Edited on Thu Aug-21-03 03:07 PM by denverbill
Read this 1802 letter to religious leaders.

http://www.usconstitution.net/jeffwall.html

Mr. President

To mess? Nehemiah Dodge, Ephraim Robbins, & Stephen S. Nelson a committee of the Danbury Baptist association in the state of Connecticut.

Gentlemen

The affectionate sentiments of esteem & approbation which you are so good as to express towards me, on behalf of the Danbury Baptist association, give me the highest satisfaction. my duties dictate a faithful & zealous pursuit of the interests of my constituents, and in proportion as they are persuaded of my fidelity to those duties, the discharge of them becomes more & more pleasing.

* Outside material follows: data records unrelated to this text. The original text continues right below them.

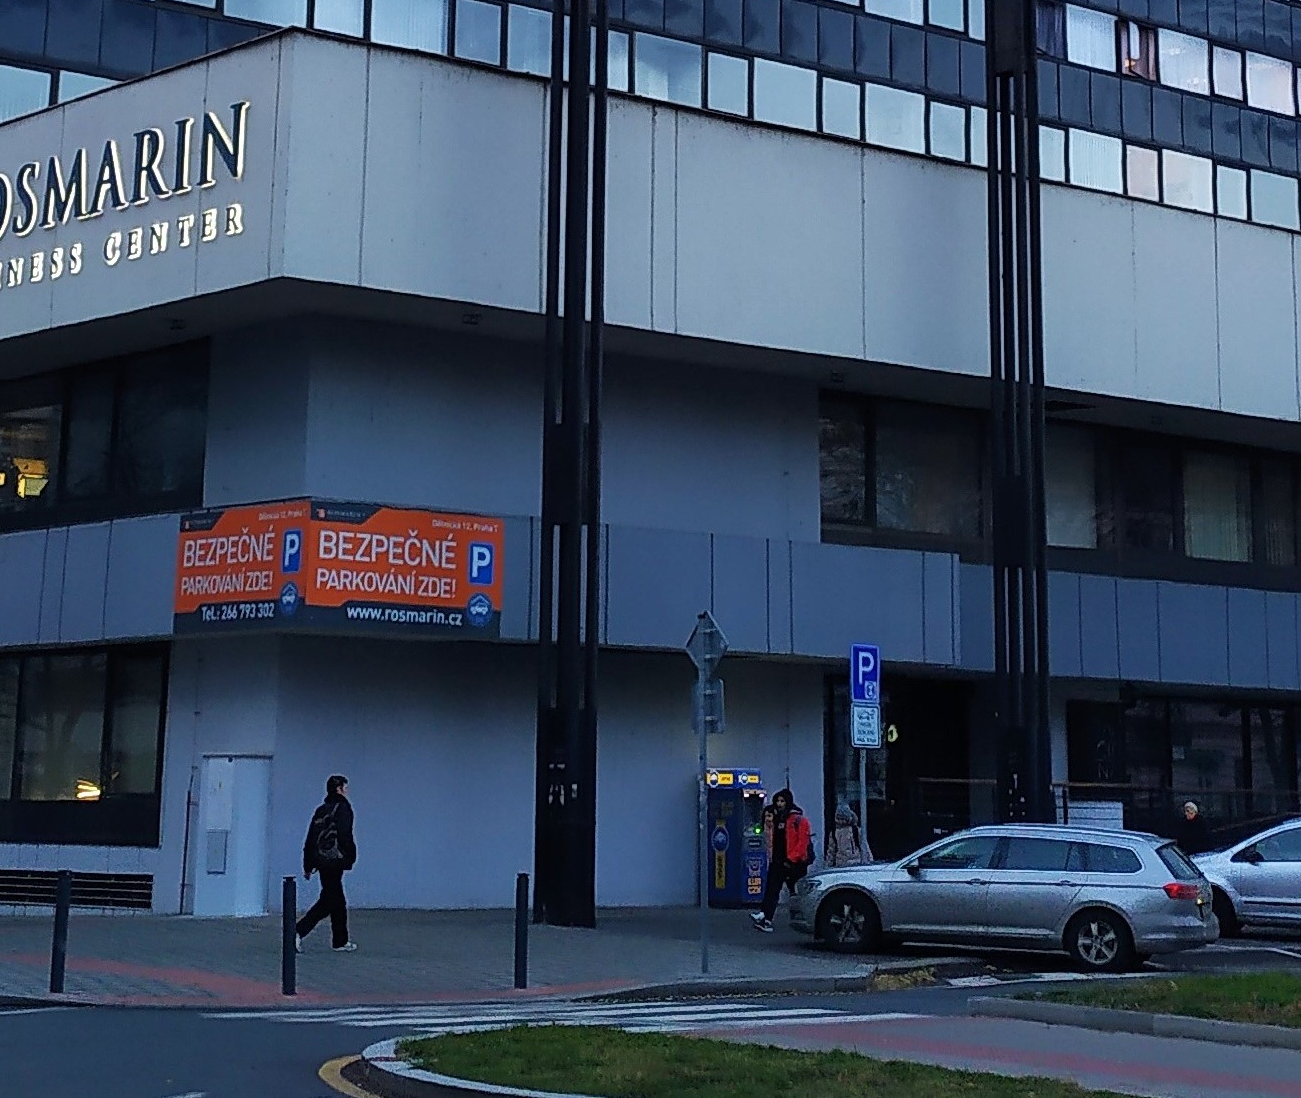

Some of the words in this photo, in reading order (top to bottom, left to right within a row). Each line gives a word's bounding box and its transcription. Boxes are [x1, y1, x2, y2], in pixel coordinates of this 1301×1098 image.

[103, 202, 246, 267] CENTER
[183, 524, 276, 567] BEZPEČNÉ
[284, 533, 300, 568] P
[318, 529, 457, 570] BEZPEČNÉ
[471, 545, 491, 579] P
[181, 567, 246, 596] PARKOVÁNÍ
[245, 571, 273, 592] ZDE!
[316, 567, 417, 595] PARKOVÁNÍ
[417, 575, 456, 599] ZDE!
[221, 604, 238, 620] 266
[239, 603, 257, 619] 793
[257, 602, 275, 619] 302
[346, 606, 463, 627] www.rosmarin.cz
[858, 651, 875, 686] P
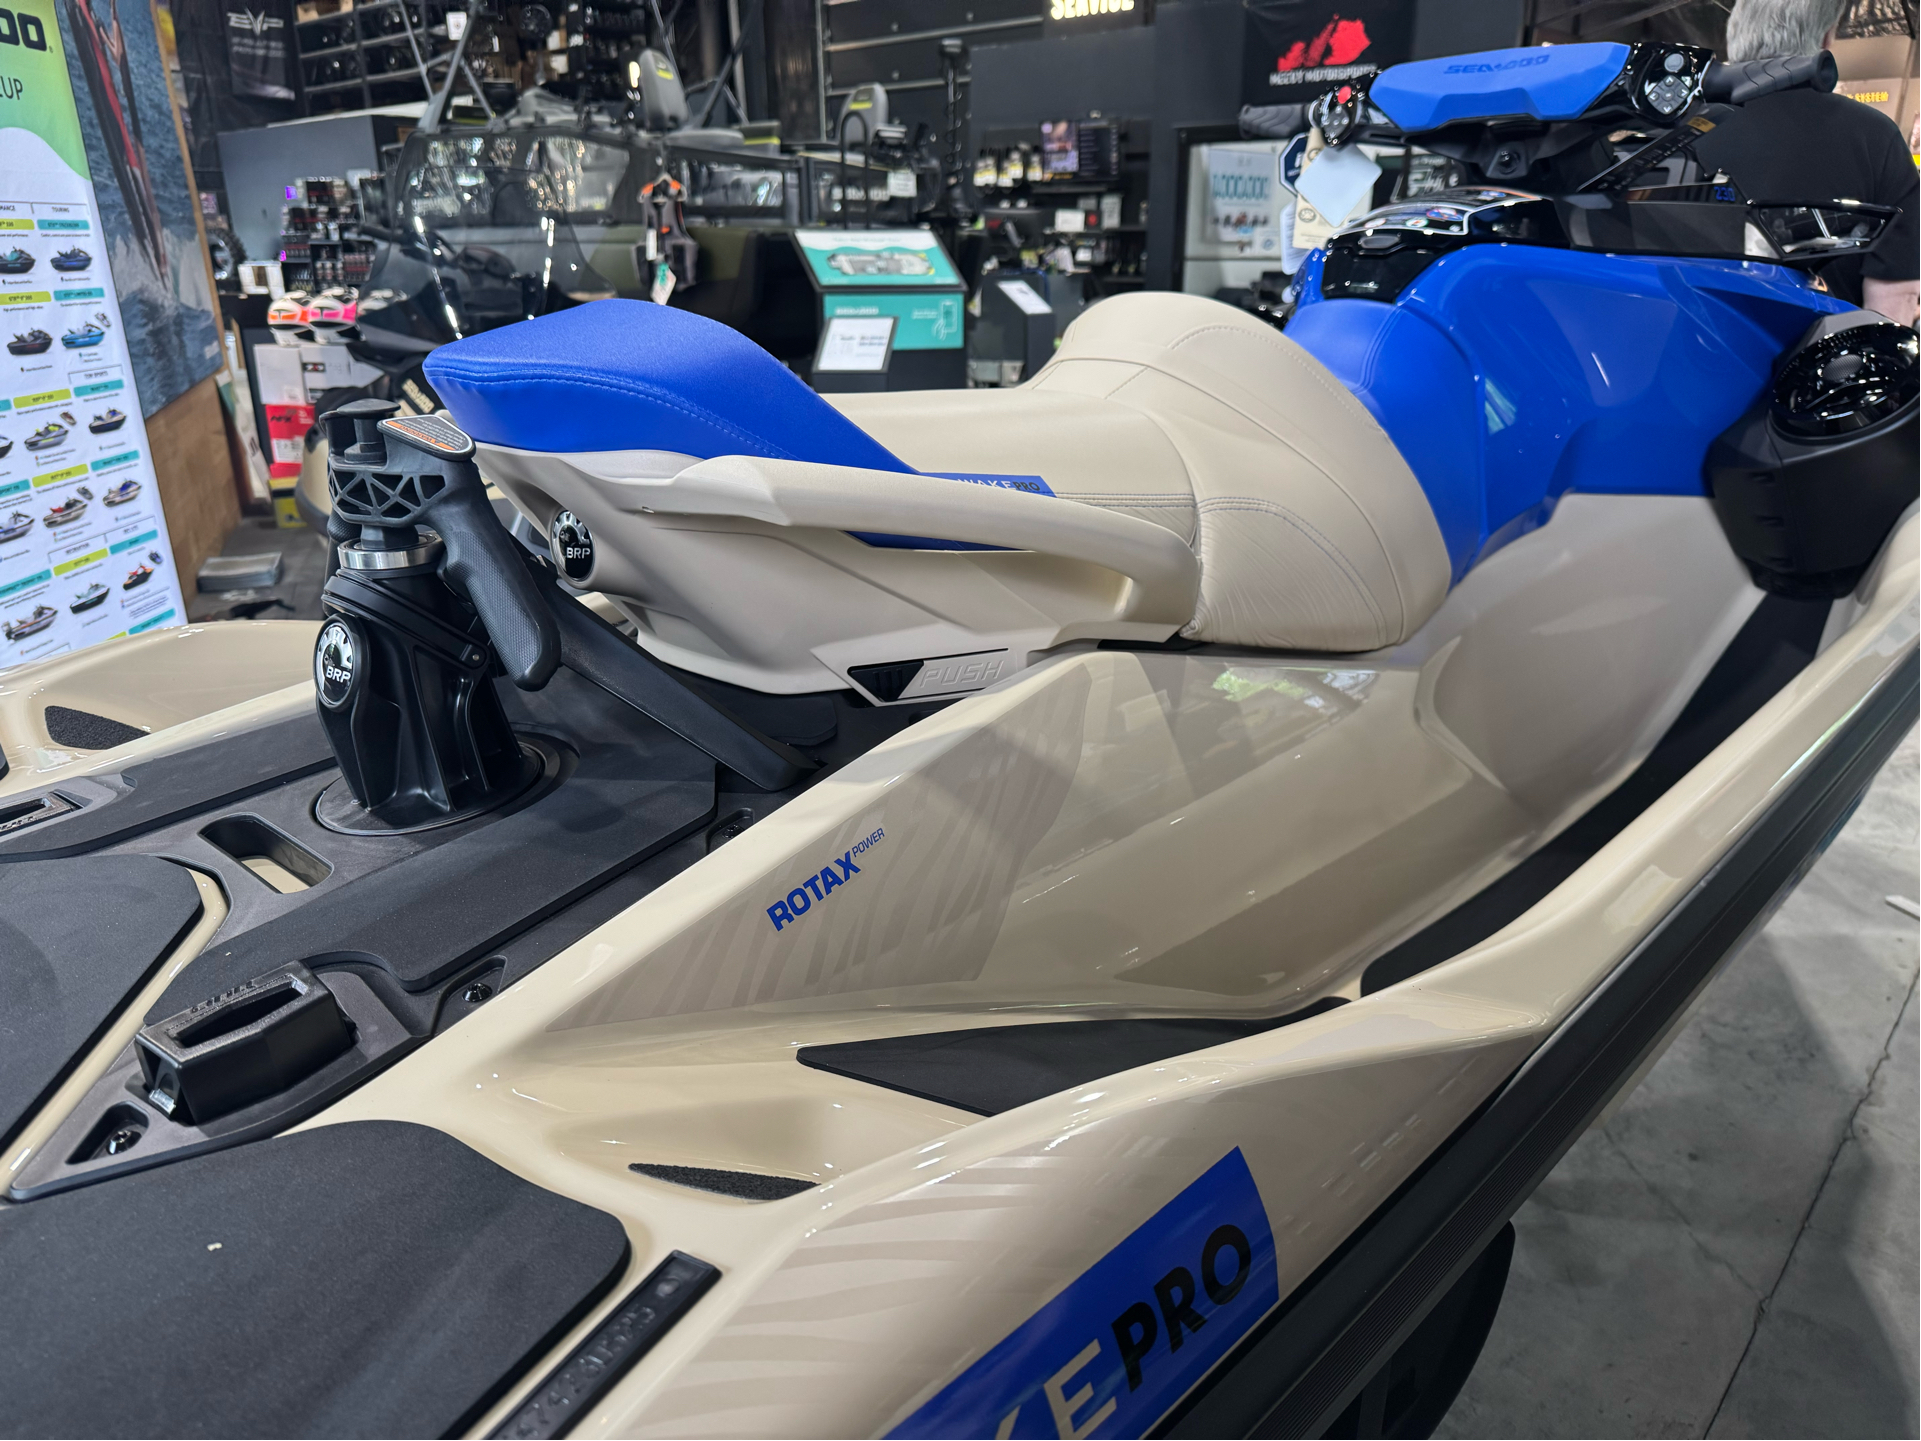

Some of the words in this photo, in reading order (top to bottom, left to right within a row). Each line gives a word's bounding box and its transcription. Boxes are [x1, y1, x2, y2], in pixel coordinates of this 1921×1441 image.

[0, 76, 23, 101] UP
[1713, 186, 1736, 202] 230
[566, 546, 591, 559] BRP
[325, 665, 351, 683] BRP
[919, 659, 1005, 688] PUSH
[766, 850, 861, 932] ROTAX
[851, 827, 885, 858] POWER

Believing with you that religion is a matter which lies solely between man & his god, that he owes account to none other for his faith or his worship, that the legitimate powers of government reach actions only, and not opinions, I contemplate with sovereign reverence that act of the whole American people which declared that their legislature should make no law respecting an establishment of religion, or prohibiting the free exercise thereof, thus building a wall of separation between church and state. (Congress thus inhibited from acts respecting religion, and the Executive authorised only to execute their acts, I have refrained from presenting even occasional performances of devotion presented indeed legally where an Executive is the legal head of a national church, but subject here, as religious exercises only to the voluntary regulations and discipline of each respective sect.) Adhering to this expression of the supreme will of the nation in behalf of the rights of conscience, I shall see with sincere satisfaction the progress of those sentiments which tend to restore to man all his natural rights, convinced he has no natural right in opposition to his social duties.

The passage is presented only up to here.